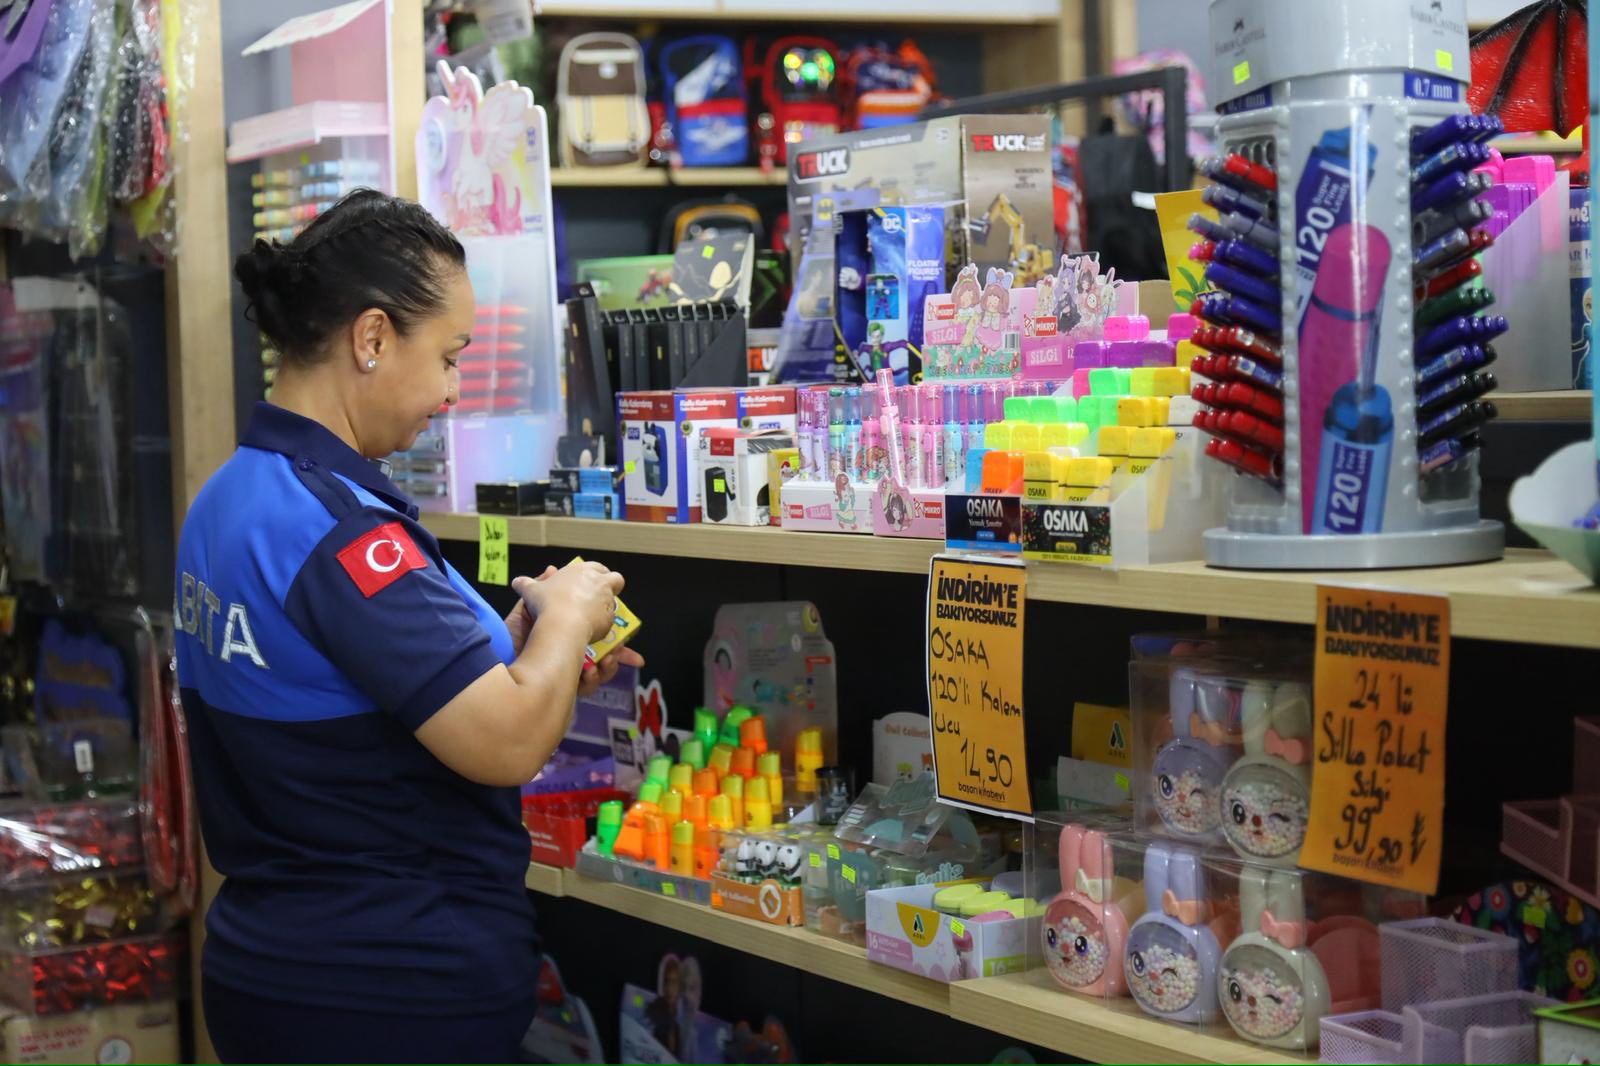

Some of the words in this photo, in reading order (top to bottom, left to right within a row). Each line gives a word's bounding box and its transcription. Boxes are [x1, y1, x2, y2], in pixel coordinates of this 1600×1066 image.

[1432, 83, 1453, 99] mm
[972, 134, 1025, 152] TRUCK
[798, 149, 848, 178] TRUCK
[882, 217, 902, 229] DC
[1296, 206, 1336, 269] 120
[1027, 488, 1047, 497] OSAKA
[1329, 472, 1363, 529] 120
[966, 498, 1004, 518] OSAKA
[1043, 510, 1089, 533] OSAKA
[937, 604, 1017, 628] BAKIYORSUNUZ
[931, 626, 990, 670] OSAKA
[980, 680, 1021, 717] Kalem
[934, 711, 960, 736] Ucu
[960, 738, 1013, 788] 14,90
[867, 932, 879, 949] 16
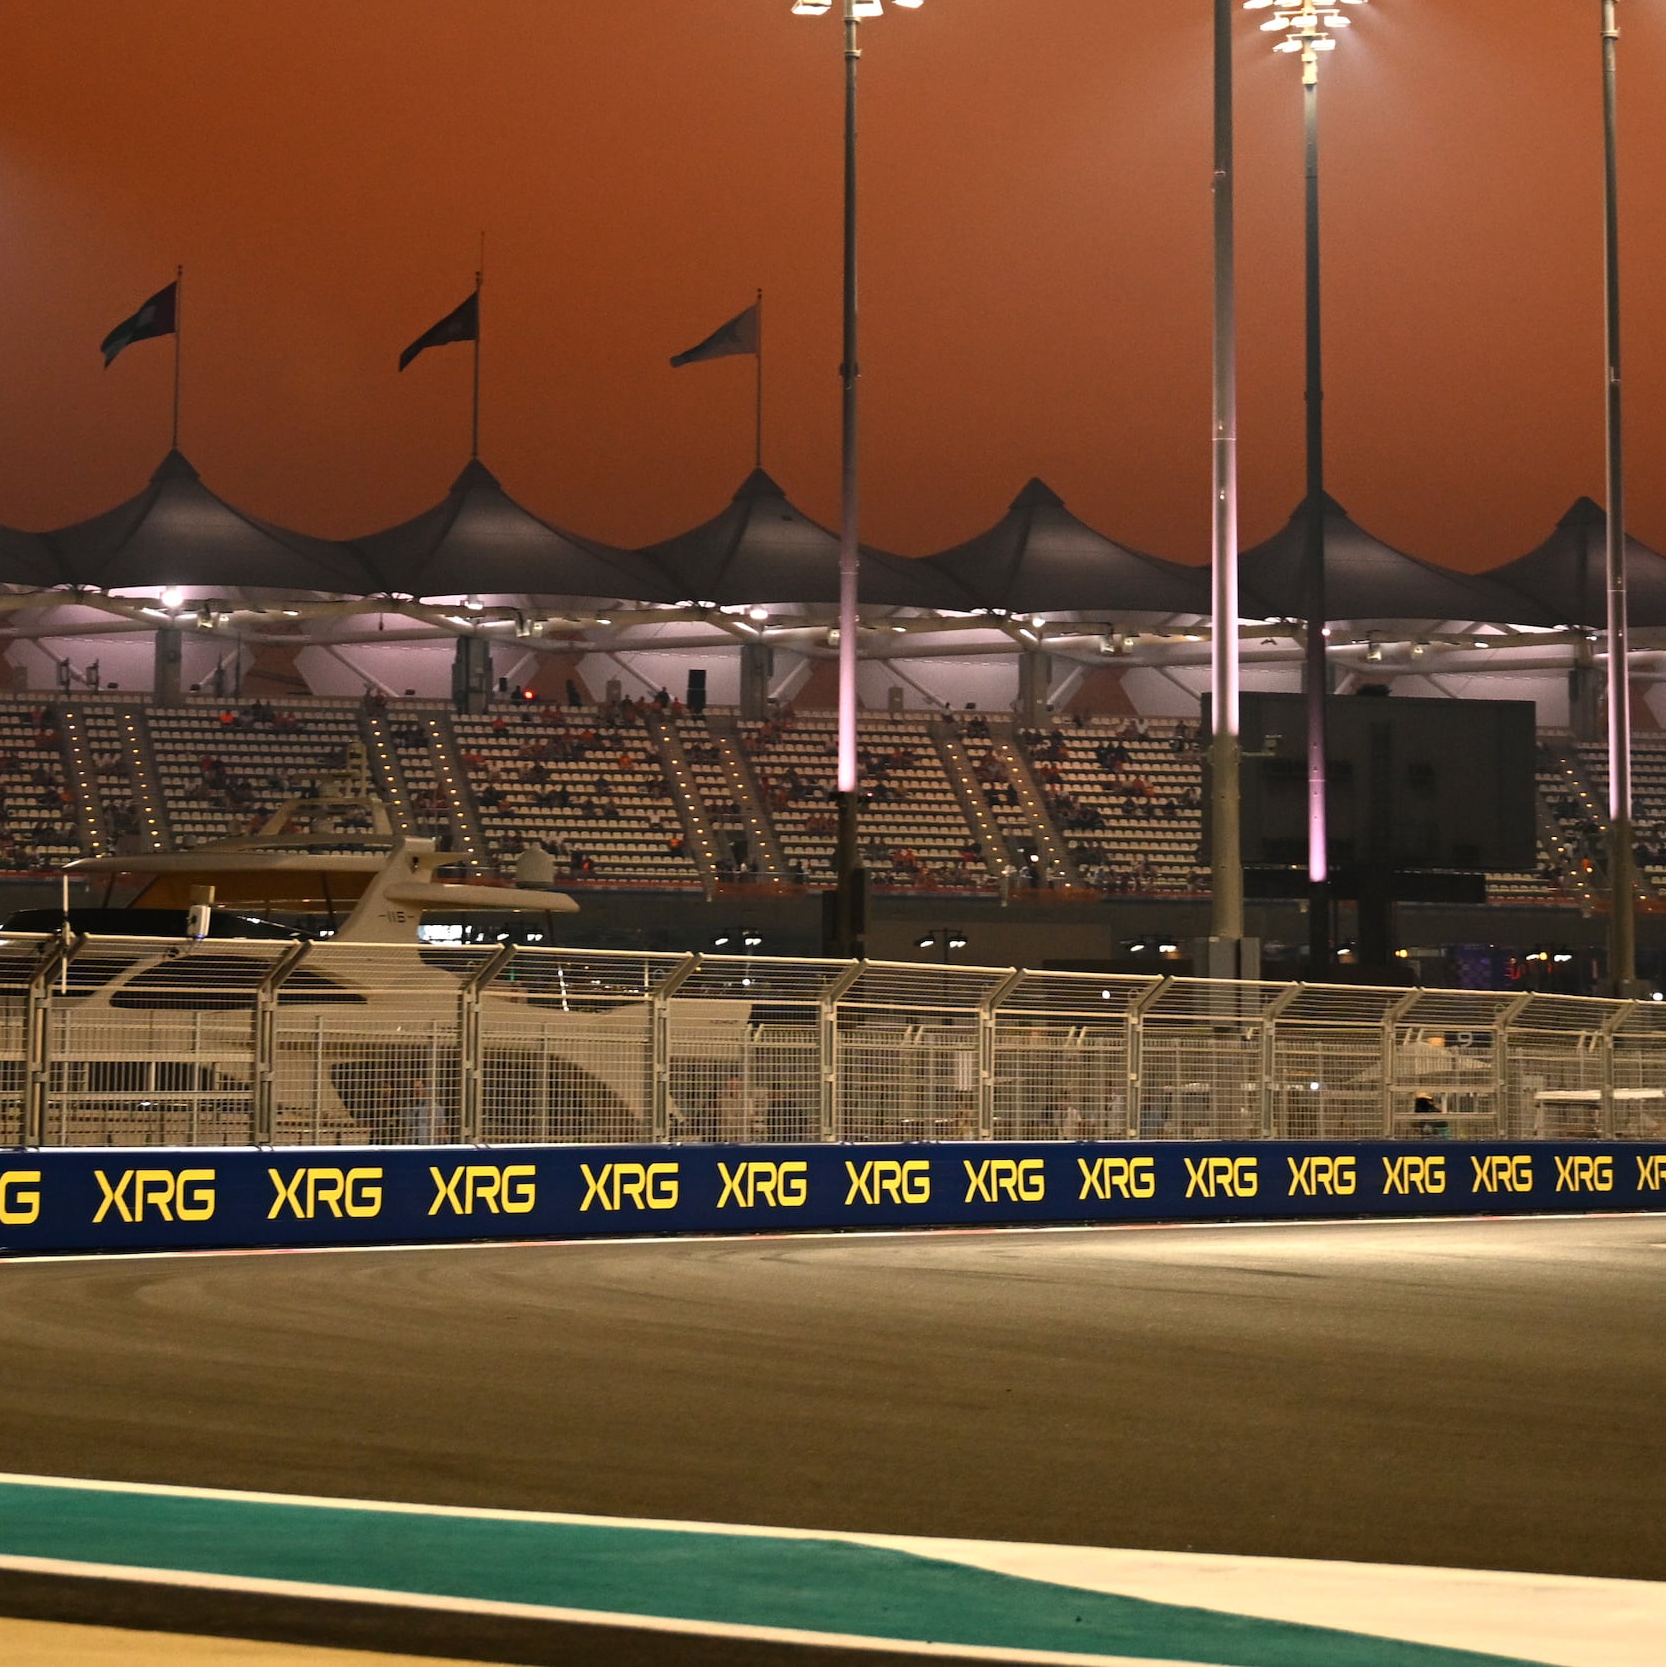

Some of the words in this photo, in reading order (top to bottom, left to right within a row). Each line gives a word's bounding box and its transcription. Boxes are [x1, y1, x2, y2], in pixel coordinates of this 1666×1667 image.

[91, 1168, 217, 1224] XRG
[266, 1166, 385, 1220] XRG
[427, 1164, 538, 1216] XRG
[579, 1162, 681, 1212] XRG
[715, 1161, 809, 1209] XRG
[843, 1159, 932, 1206] XRG
[962, 1158, 1047, 1203] XRG
[1076, 1156, 1157, 1201] XRG
[1183, 1156, 1260, 1199] XRG
[1286, 1155, 1358, 1197] XRG
[1381, 1155, 1448, 1195] XRG
[1469, 1154, 1535, 1193] XRG
[1553, 1155, 1615, 1192] XRG
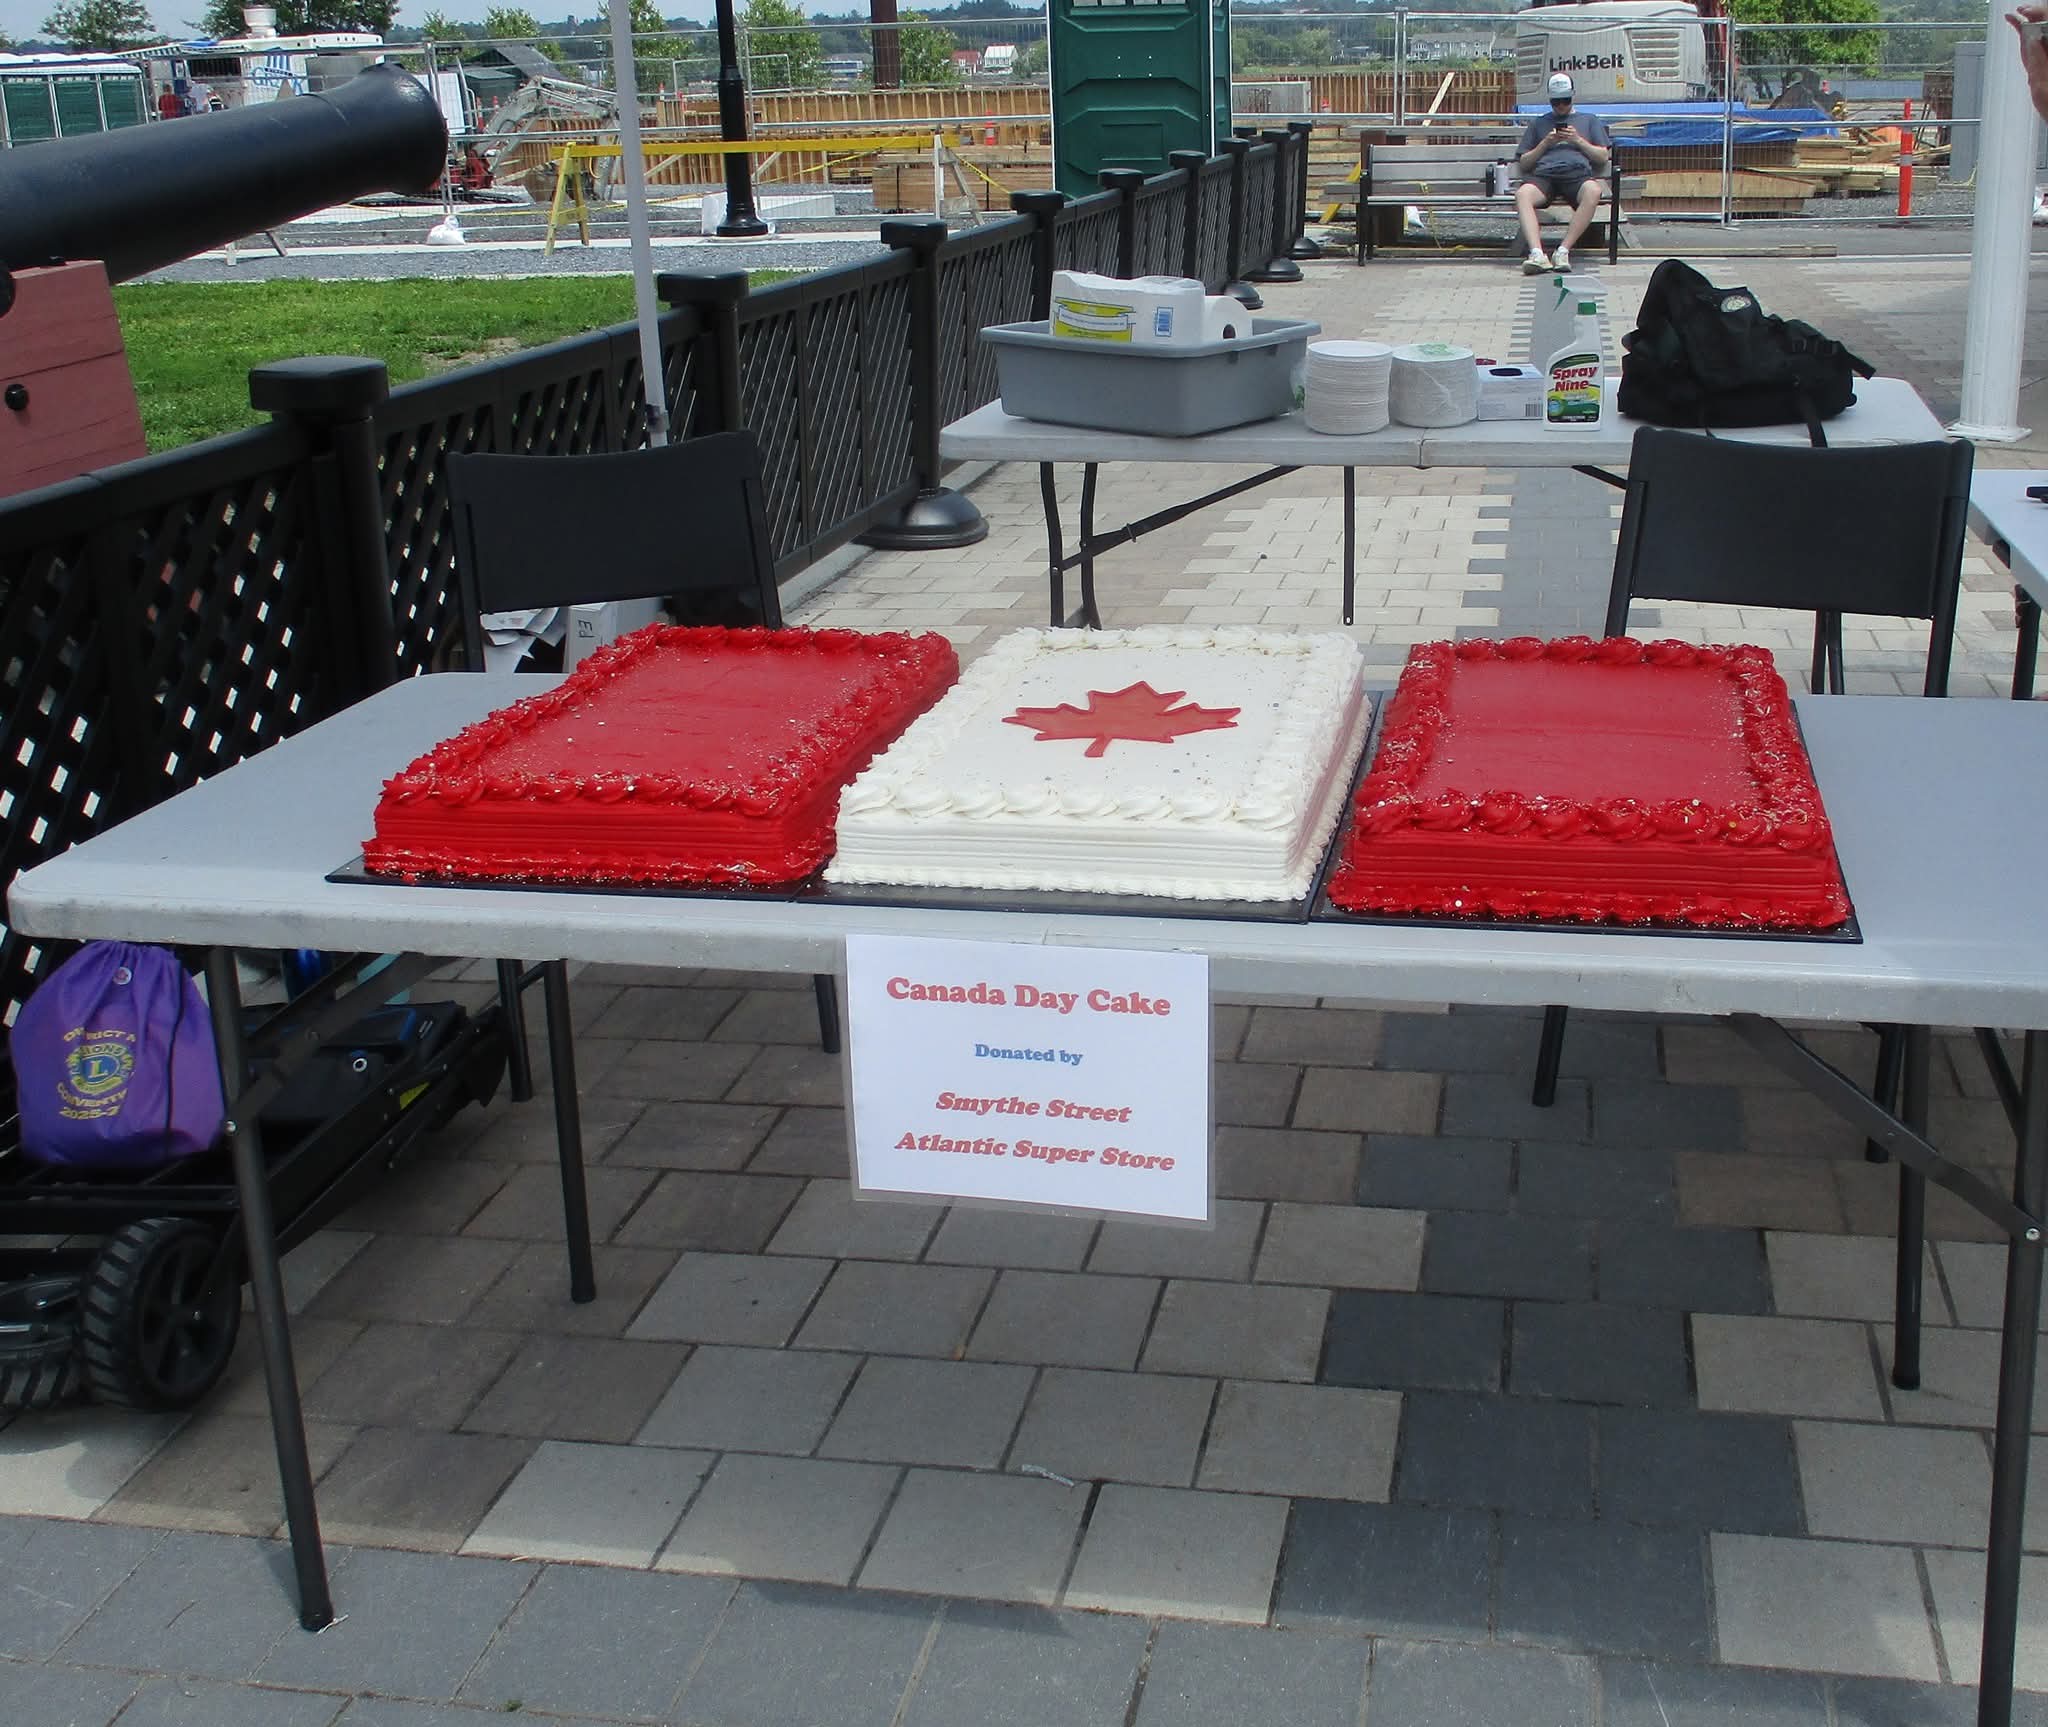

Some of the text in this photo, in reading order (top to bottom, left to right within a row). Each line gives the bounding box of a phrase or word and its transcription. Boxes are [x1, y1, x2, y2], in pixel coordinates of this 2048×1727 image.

[1550, 53, 1625, 72] Link-Belt
[251, 66, 304, 97] GREK
[1552, 366, 1599, 380] Spray
[1555, 380, 1589, 392] Nine
[886, 976, 1171, 1016] Canada Day Cake
[974, 1043, 1083, 1066] Donated by
[88, 1059, 109, 1079] L
[935, 1091, 1132, 1123] Smythe Street
[894, 1132, 1175, 1171] Atlantic Super Store
-----
- **Aim of the exercise**:
From the line holding "this 1666×1667 image." to the final line of the data above, give each line again exactly, both ends included, and drop the pictures.

- **Answer to the problem**:
Some of the words in this photo, in reading order (top to bottom, left to right within a row). Each line gives a word's bounding box and its transcription. Boxes are [x1, y1, x2, y2], in pixel coordinates of this 1666×1667 image.

[91, 1168, 217, 1224] XRG
[266, 1166, 385, 1220] XRG
[427, 1164, 538, 1216] XRG
[579, 1162, 681, 1212] XRG
[715, 1161, 809, 1209] XRG
[843, 1159, 932, 1206] XRG
[962, 1158, 1047, 1203] XRG
[1076, 1156, 1157, 1201] XRG
[1183, 1156, 1260, 1199] XRG
[1286, 1155, 1358, 1197] XRG
[1381, 1155, 1448, 1195] XRG
[1469, 1154, 1535, 1193] XRG
[1553, 1155, 1615, 1192] XRG

Some of the text in this photo, in reading order (top to bottom, left to right within a row). Each line gives the bounding box of a phrase or word and its transcription. Boxes are [x1, y1, x2, y2], in pixel coordinates of this 2048×1727 image.

[1550, 53, 1625, 72] Link-Belt
[251, 66, 304, 97] GREK
[1552, 366, 1599, 380] Spray
[1555, 380, 1589, 392] Nine
[886, 976, 1171, 1016] Canada Day Cake
[974, 1043, 1083, 1066] Donated by
[88, 1059, 109, 1079] L
[935, 1091, 1132, 1123] Smythe Street
[894, 1132, 1175, 1171] Atlantic Super Store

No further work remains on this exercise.